The framework is the result of the work carried out by scientists at the City University of New York (CUNY) and Harvard University, in partnership with UBS Asset Management.
The research teams from CUNY and Harvard are testing this framework by analyzing the environmental and health benefits of a $2.1 billion portfolio of public equities managed by UBS Asset Management on behalf of PGGM, the Dutch pension fund. Four challenge areas are being considered: water, climate change mitigation, human health and food security.
The team leveraged recent advances in several scientific disciplines, including earth observation and modeling, epidemiology, and public health, and linked these data to corporate operational and financial data to show how products and services can contribute to more sustainable environmental and human systems.

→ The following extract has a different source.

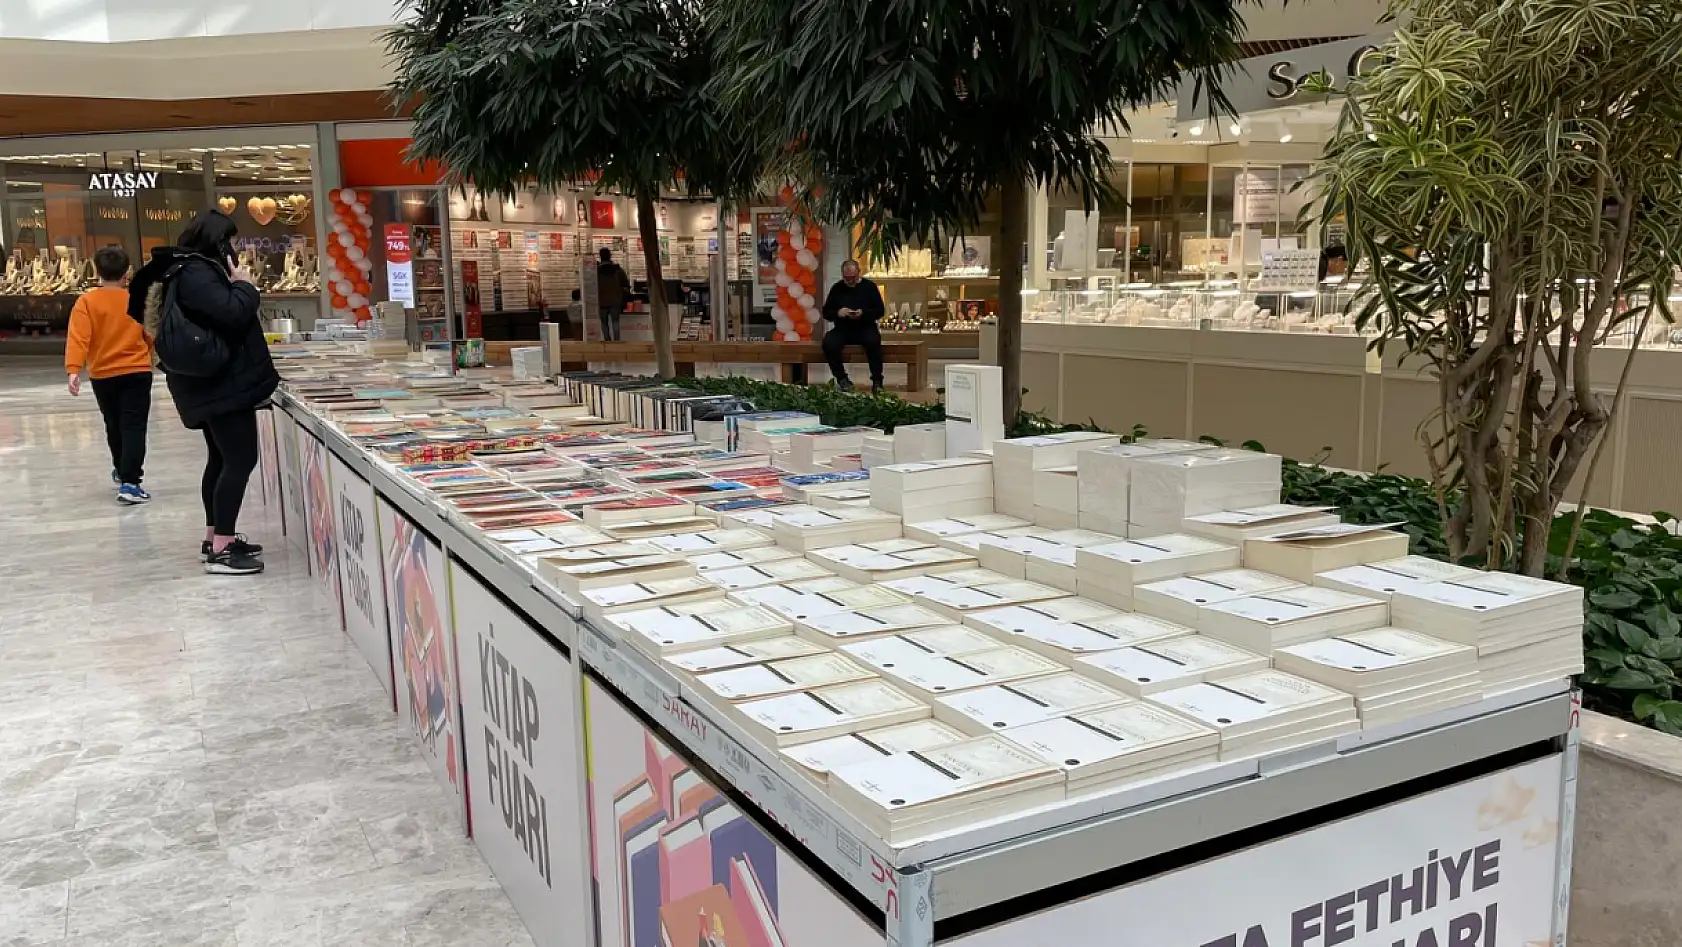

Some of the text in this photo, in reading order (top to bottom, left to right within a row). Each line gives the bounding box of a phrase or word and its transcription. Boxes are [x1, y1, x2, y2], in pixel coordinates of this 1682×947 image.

[89, 172, 159, 190] ATASAY
[478, 622, 540, 769] KİTAP
[484, 724, 551, 889] FUARI
[1290, 839, 1501, 947] FETHİYE
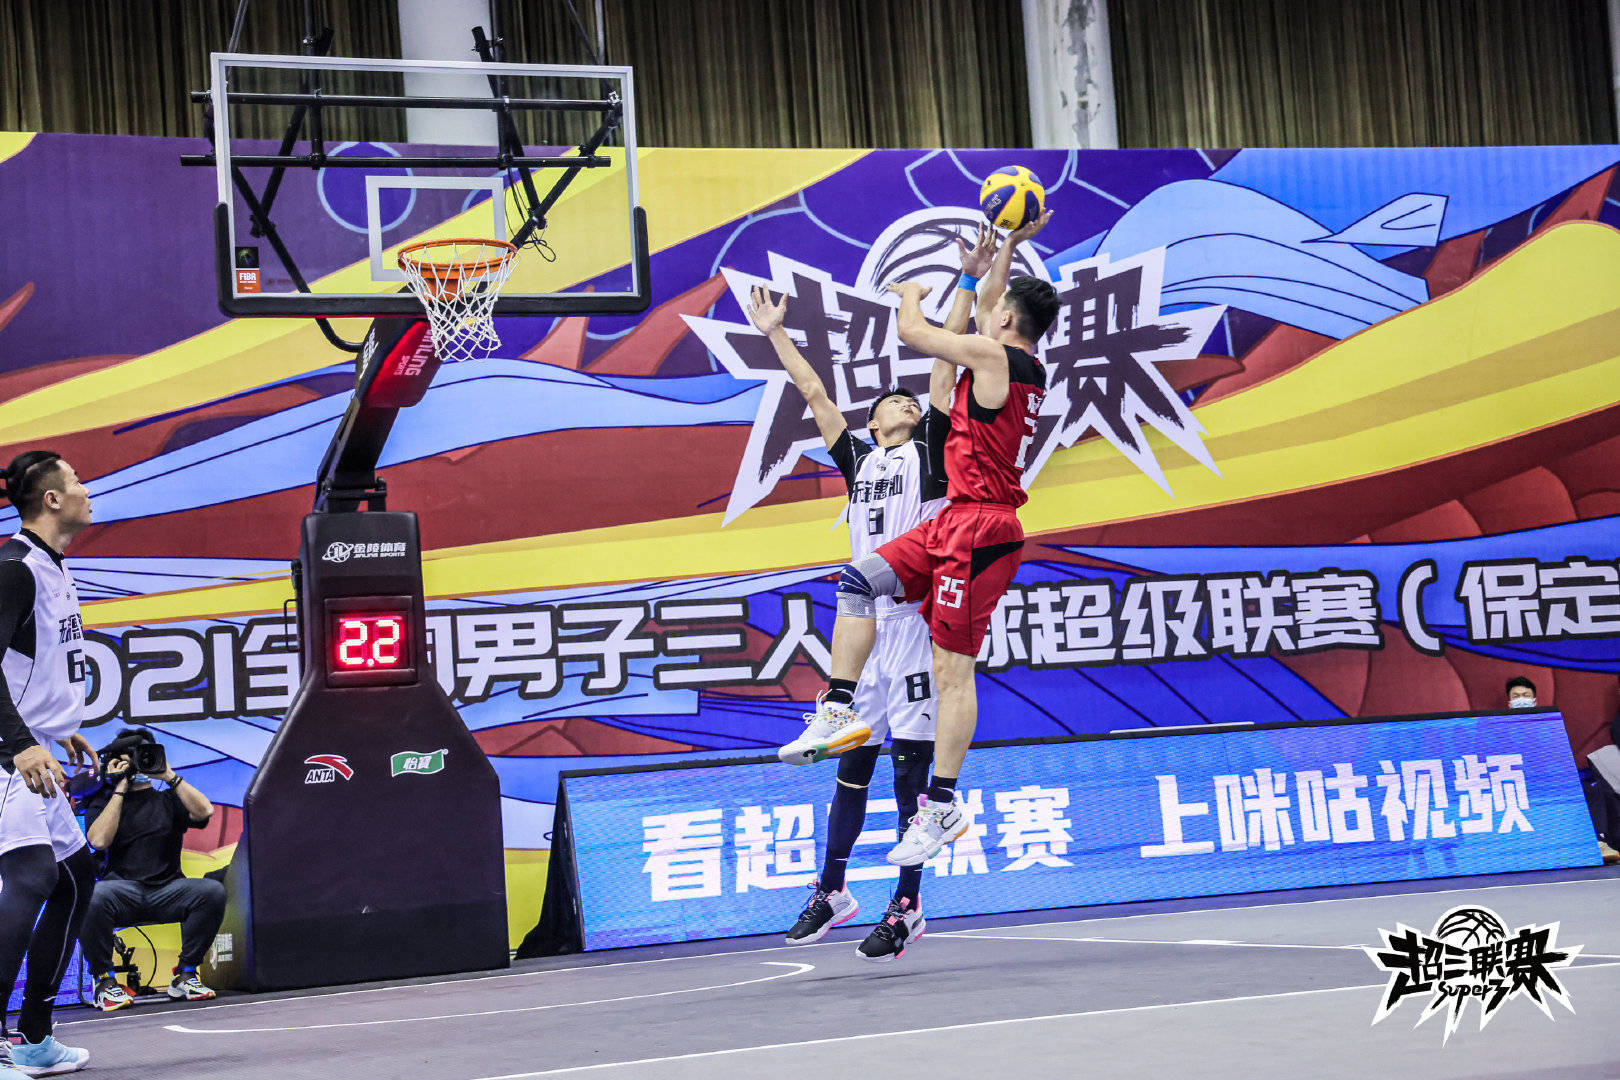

The research suggests a new way to assess the sustainability of corporations for investors, who are increasingly interested in this investment approach. A key is to provide systematic, transparent, and verifiable metrics of success based on well-accepted scientific approaches, in contrast to the self-disclosure of beneficial actions that are claimed typically by companies themselves.
The paper lays out practical steps toward achieving this vision of investment in sustainability efforts outlined by the UN Sustainable Development Goals by proposing a formal dialogue space for information-sharing and best practices, that brings together the financial sector with auditors, corporate and nonprofit executives, and scientists.
For investors, this work provides an invaluable system to evaluate corporate practices, the impacts of which vary within the context of business operations in different regions and business sectors. Doing so allows for direct comparisons between companies — an important consideration when identifying how to make investments that have beneficial environmental and social impacts.
Collaborating with a global investment manager such as UBS Asset Management provided the researchers access to a portfolio with which they could analyze the performance of their proposed framework, giving real-world data rather than hypothetical modeling.